# [What you should do]
Leave out all images and set down the records exactly as given.

# [Saved entries]
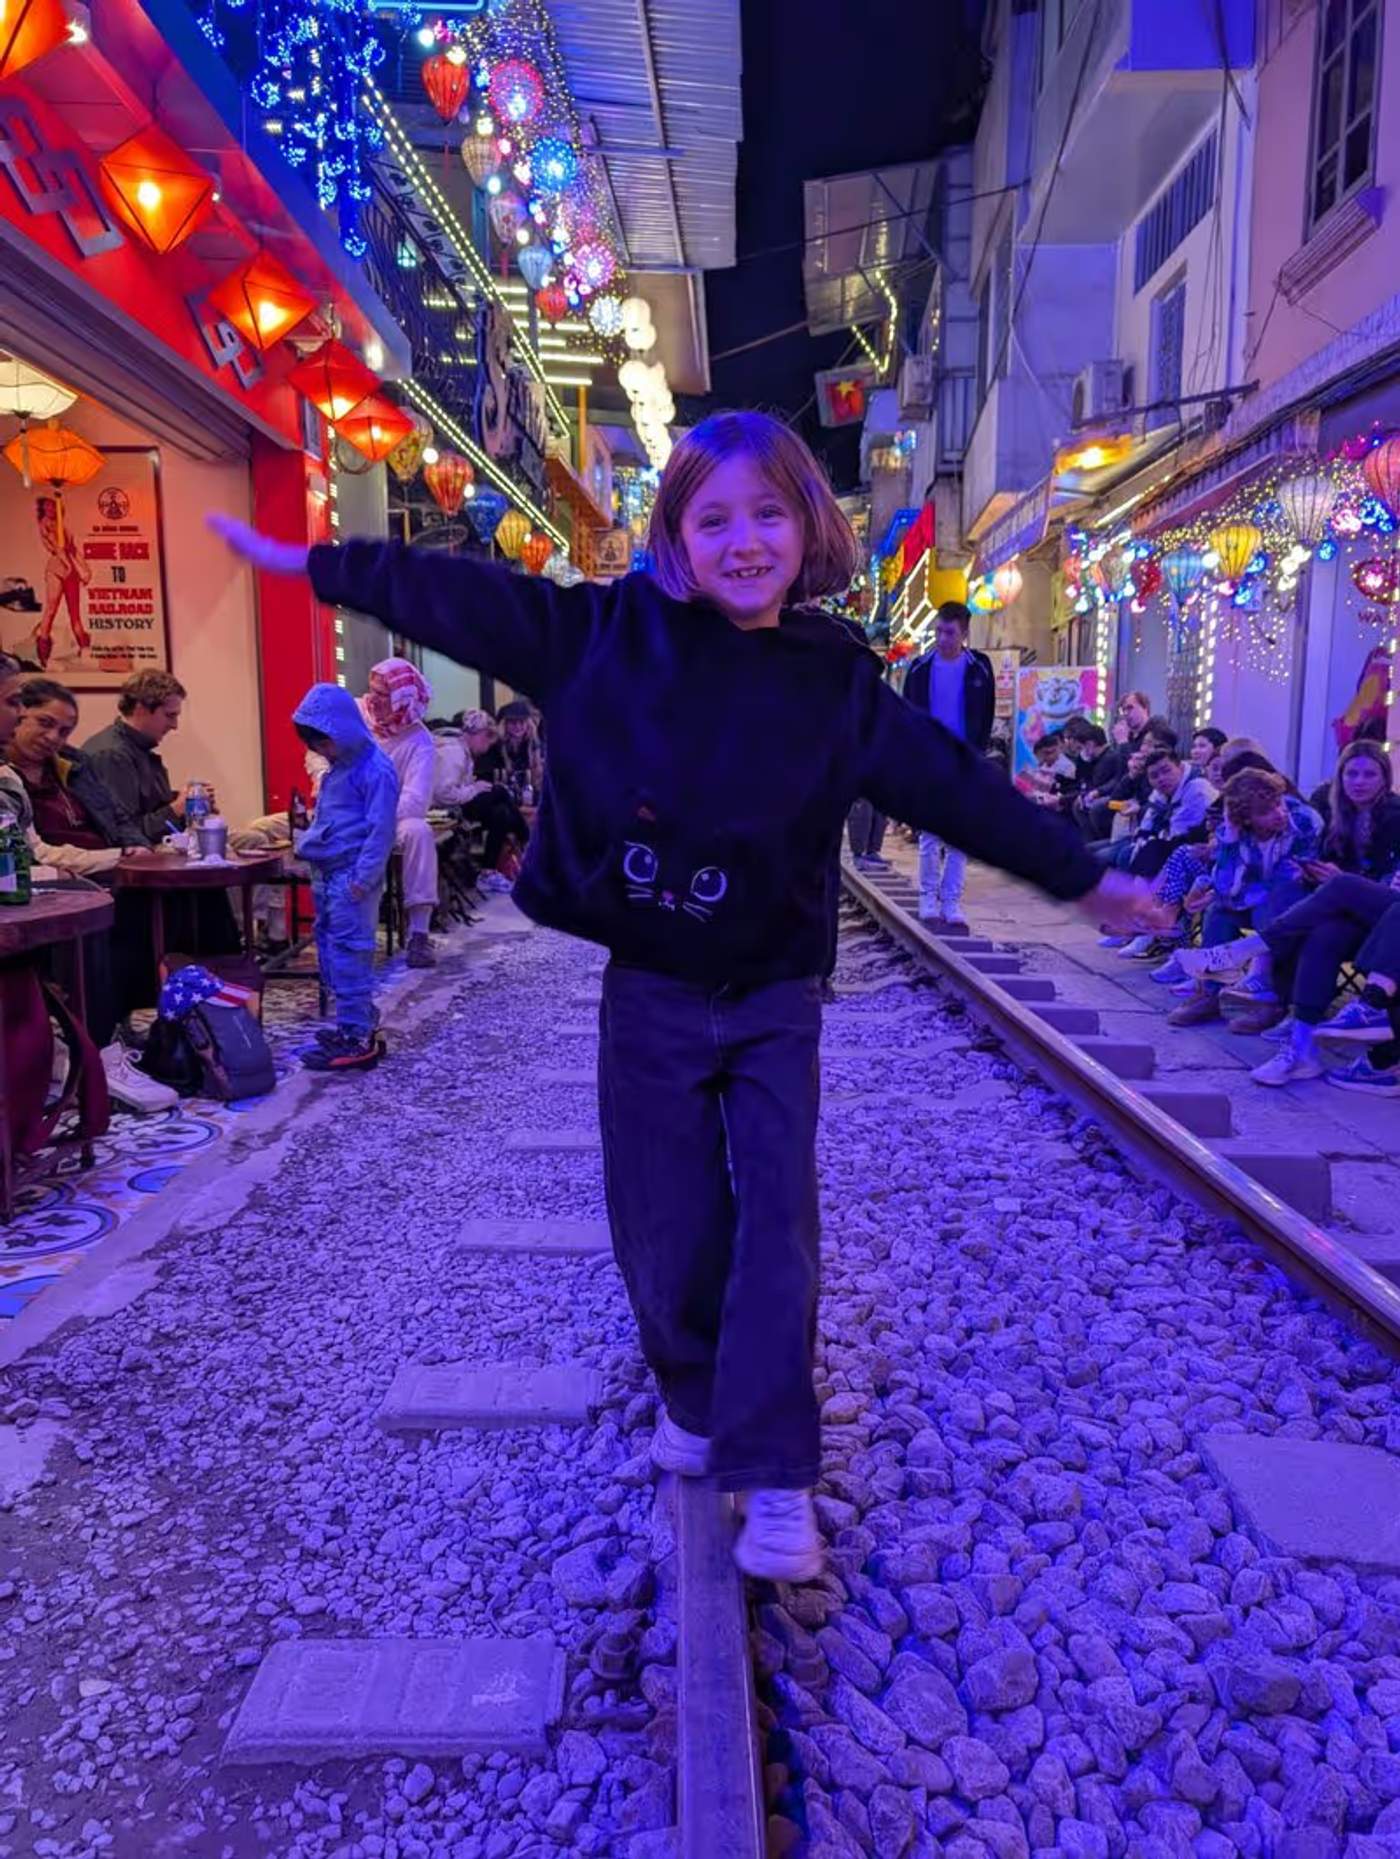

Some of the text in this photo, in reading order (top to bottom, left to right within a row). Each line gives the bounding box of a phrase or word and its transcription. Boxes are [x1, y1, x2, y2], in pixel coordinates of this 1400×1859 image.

[111, 565, 126, 583] TO
[87, 587, 153, 600] VIETNAM
[88, 603, 154, 615] RAILROAD
[88, 618, 156, 630] HISTORY
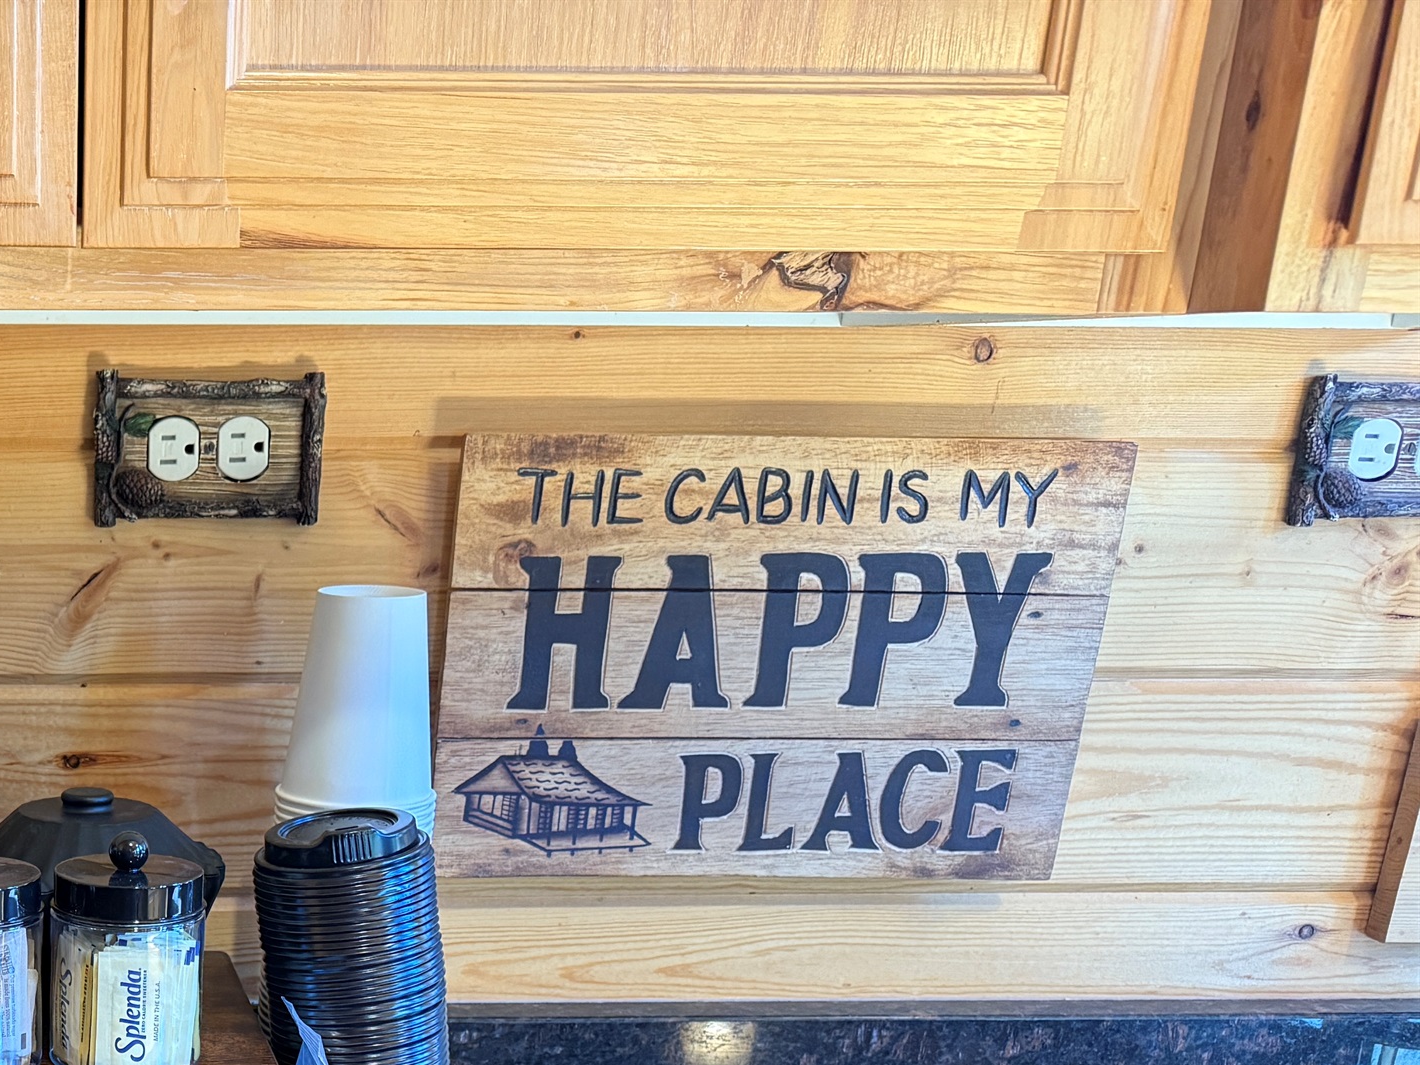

# [Result of the exercise]
Some of the text in this photo, in reading order (top to bottom, left to right within a row). Each line gives the bounding box of a phrase or word and its transcription. Boxes are [x1, y1, x2, y2], in pixel coordinates of this 1400×1859 image.

[111, 565, 126, 583] TO
[87, 587, 153, 600] VIETNAM
[88, 603, 154, 615] RAILROAD
[88, 618, 156, 630] HISTORY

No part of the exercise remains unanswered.